The fastest moving segment of Golden Isles real estate market is for homes priced at $150,000 or less. And that’s a problem.
Realtor Julie Martin, who is also a Brunswick city commissioner, said there are currently only 30 single-family homes in this lower end of the price range on the market in Glynn County. Most of the homes are three bedroom, two bathroom properties, she said.
“There is not enough inventory and very few planned development communities in that price range with any properties currently available,” she said.
In comparison, there are 107 single-family homes on the market between $150,000 and $250,000, and 94 single-family homes listed between $250,000 and $400,000, she said.
The lack of affordable housing in the Golden Isles makes it a challenge for young couples with children to save enough for a down payment or to afford the mortgage for many homes on the market locally.
“Certainly, a young family could purchase a home that might need a little updating for less money and then, during their ownership, make improvements as funds are more available,” she said.
It appears there are few plans to build affordable housing locally, in part because the cost of construction and building supplies continue to rise, making new construction projects more expensive to develop, Martin said.

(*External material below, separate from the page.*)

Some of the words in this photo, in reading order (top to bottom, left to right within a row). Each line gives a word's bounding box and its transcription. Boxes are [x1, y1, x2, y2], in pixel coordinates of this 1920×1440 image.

“Most larger sized lots suitable for a community development are out in the county,” she said. “It may take some out-of-the-box thinking and design work to create clustered communities in order to keep the prices down to satisfy the moderately priced demand for housing.”

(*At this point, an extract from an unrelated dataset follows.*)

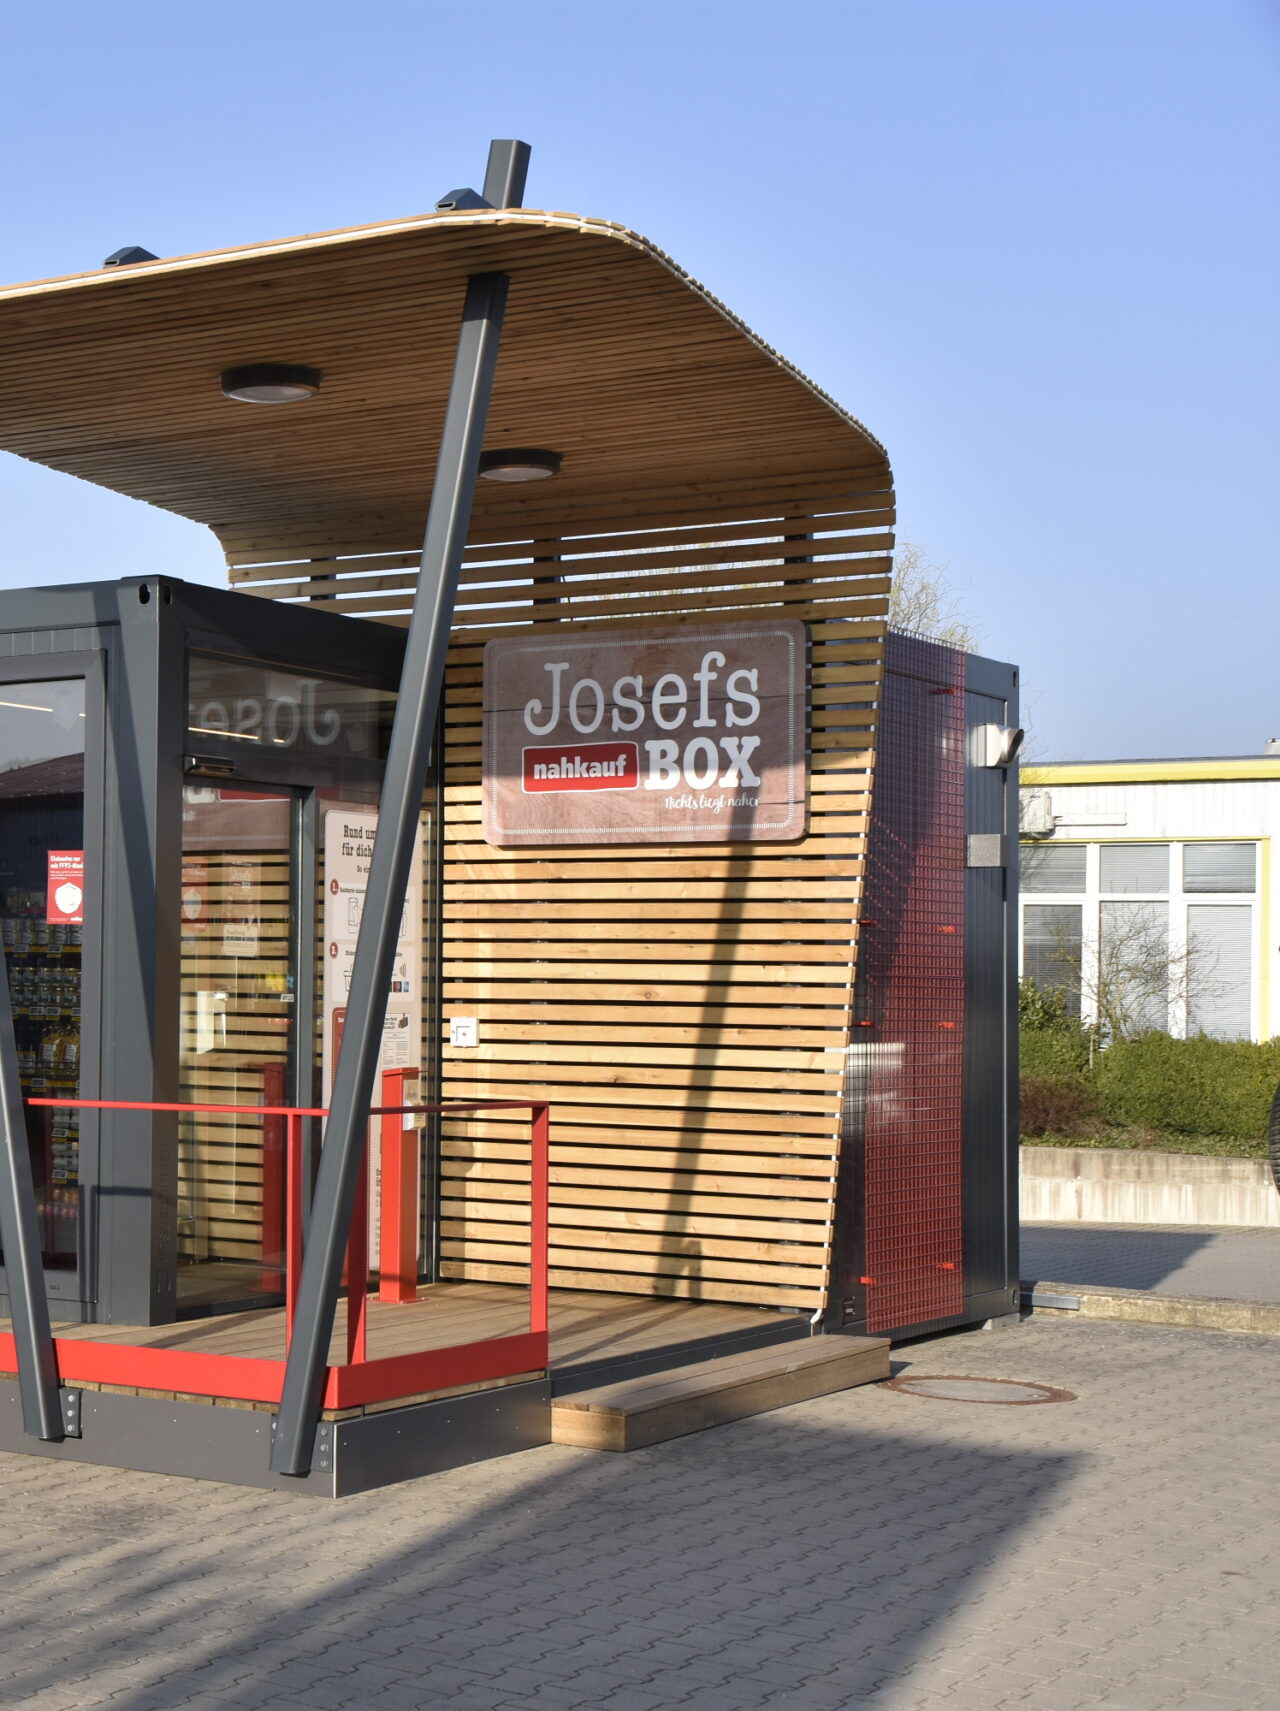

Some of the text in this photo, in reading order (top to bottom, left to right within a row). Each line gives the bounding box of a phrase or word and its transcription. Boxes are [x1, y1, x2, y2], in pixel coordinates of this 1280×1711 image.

Saving for a down payment is an important step for first-time home buyers. Many traditional banks and lending institutions have first-time buyer programs, she said.
LuV McDowell-Bailey, a mortgage loan originator with Five Star Credit Union, said the first step young and first-time home buyers should take is to learn how much debt they can afford. One problem facing young couples is student loan debt.
But with some lenders only needing a 3 1/2 percent down payment, McDowell-Bailey said she does see a handful of couples under 30 years old qualifying for moderately priced homes, and sometimes more expensive ones. The down payment can be a gift from an immediate family member she said.
She has one other piece of advice.
“Always seek a qualified lender first to get qualified,” she said. “If you don’t know the giant you’re fighting, how do you win?”
Once prospective home buyers know how much of a loan they qualify for, they can go house hunting, she said.
“It’s obvious we have a lack of product,” McDowell-Bailey said. “The supply is low and the demand is great.”
While more moderately priced homes on the market would make lenders like her busier, she expects builders to meet the growing demand.
“It is a great market to grow,” she said. “Houses are not sitting, which is great to me.”